And you’re dead wrong. CATER has cost the city. The needless delay they caused will increase the cost of the bonds – a cost borne by the taxpayers they claim to represent. It costs the city by putting in jeopardy major conventions that Anaheim currently has – like NAMM – and ones that had pledged to come her if the ACC were expanded (such as the American Heart Association). It costs those Anaheim residents who were going to get construction jobs WON’T get those jobs for who knows how long? There is a cost to CATER’s effort to make Anaheim a more difficult place to do business.
I’m amazed by the la-de-da attitude from you, Cynthia Ward, Greg Diamond and the rest of the bunch – acting is if there are no negative consequences to their recklessness – which they pretend is some high-minded fight for principle. Feh. CATER is like the mischievous youngest sibling who instigates a fight and then shifts the blame. Your pretense that CATER has done no harm is more than laughable – it’s delusional.
First off, I agree with all Matt’s points.
Next, philosophy 101 is coming back to me here: Process vs. ends. Neither stands in the absolute.
I would follow up by saying CATER has unilaterally opposed EVERYTHING the city has done (regardless of bringing the chamber into this). So why is CATER operating at the extreme? They are getting press recently. Seems like a nice reason for them to keep stirring the pot. Some people are into that kind of stuff. But saying “ends don’t justify the means” is equally valid to the inverse and it looks like that is where CATER exclusively operates.
Matt,
I’m not the one defending bad actions of a bad government.
I’m also not the one stating people in Anaheim shouldn’t have the right to vote on bond issues.
If I’m guilty of defending a bad organization who stands up against what they legitimately feel is a bad government and defending a citizen’s right to participate in direct democracy, then color me all kinds of guilty.
I don’t know how you landed on the side of the table you now sit, but I hope that at some point you begin to understand that the folks surrounding you serve themselves before serving others.
Neither am I, Ryan. Sorry to break it to you, but you don’t have a monopoly on truth or principles of good and limited government.
And no one is stating Anaheim voters “shouldn’t have the right to vote on bond issues.” That’s straw man argument if I ever saw one. Try taking issue with what someone actually says, rather than concocting some alternative version and taking issue with that.
Further, there is no “right” to vote on revenue bonds. That’s empty rhetoric on your part. Funny how Ward & Co. have had bupkis to say about this “right” until it came to a project opposed by their candidate.

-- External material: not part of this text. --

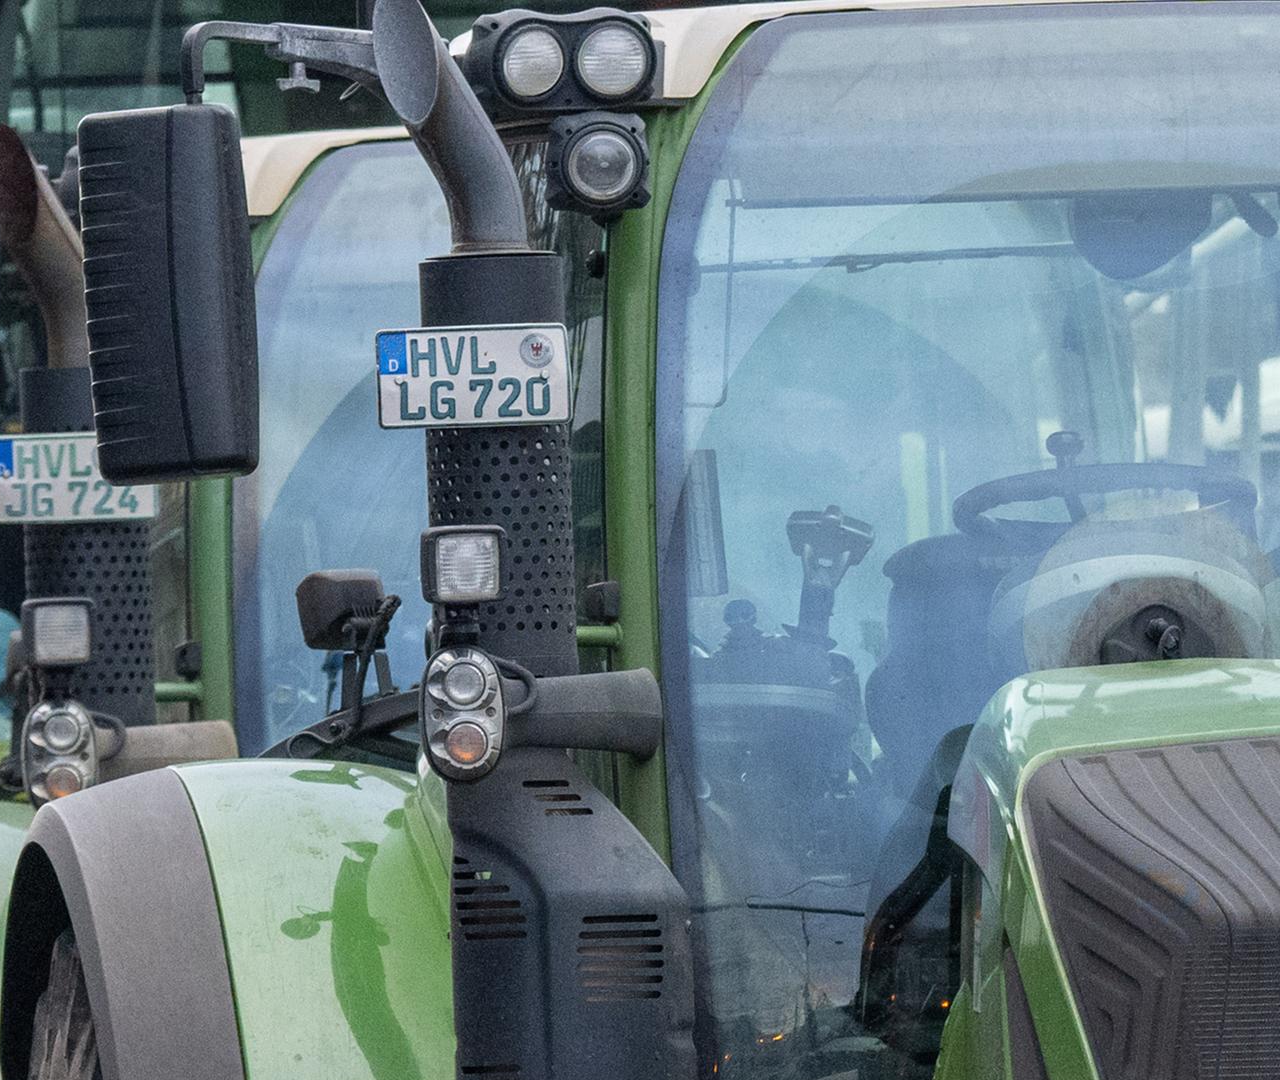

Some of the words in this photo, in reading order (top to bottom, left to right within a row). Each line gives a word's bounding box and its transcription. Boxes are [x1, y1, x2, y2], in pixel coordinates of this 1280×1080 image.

As for the rest of your comment: I think you have been spending too much time around those conspiratorial nutcases who think every government action is the result of lobbyists pulling strings to line their pockets. Maybe it makes you all feel good and righteous about yourselves, but it is still fantasy.
“No such bonds payable out of revenues shall be issued without the
assent of a majority of the voters voting upon the proposition for issuing the same at an election at which such proposition shall have been duly submitted to the qualified electors of the City.”
Strike one.
Me: “Should the bond issue have gone to the voters?”
You: “No . . .”
Strike two.
” . . . but you don’t have a monopoly on truth”
Based on the first two, apparently I do. Strike three.
Sorry, Matt. You’re out.
I had a great refutation of your comment, and then accidentally hit some combination of keys and zapped my response into oblivion. I’ll get to it later.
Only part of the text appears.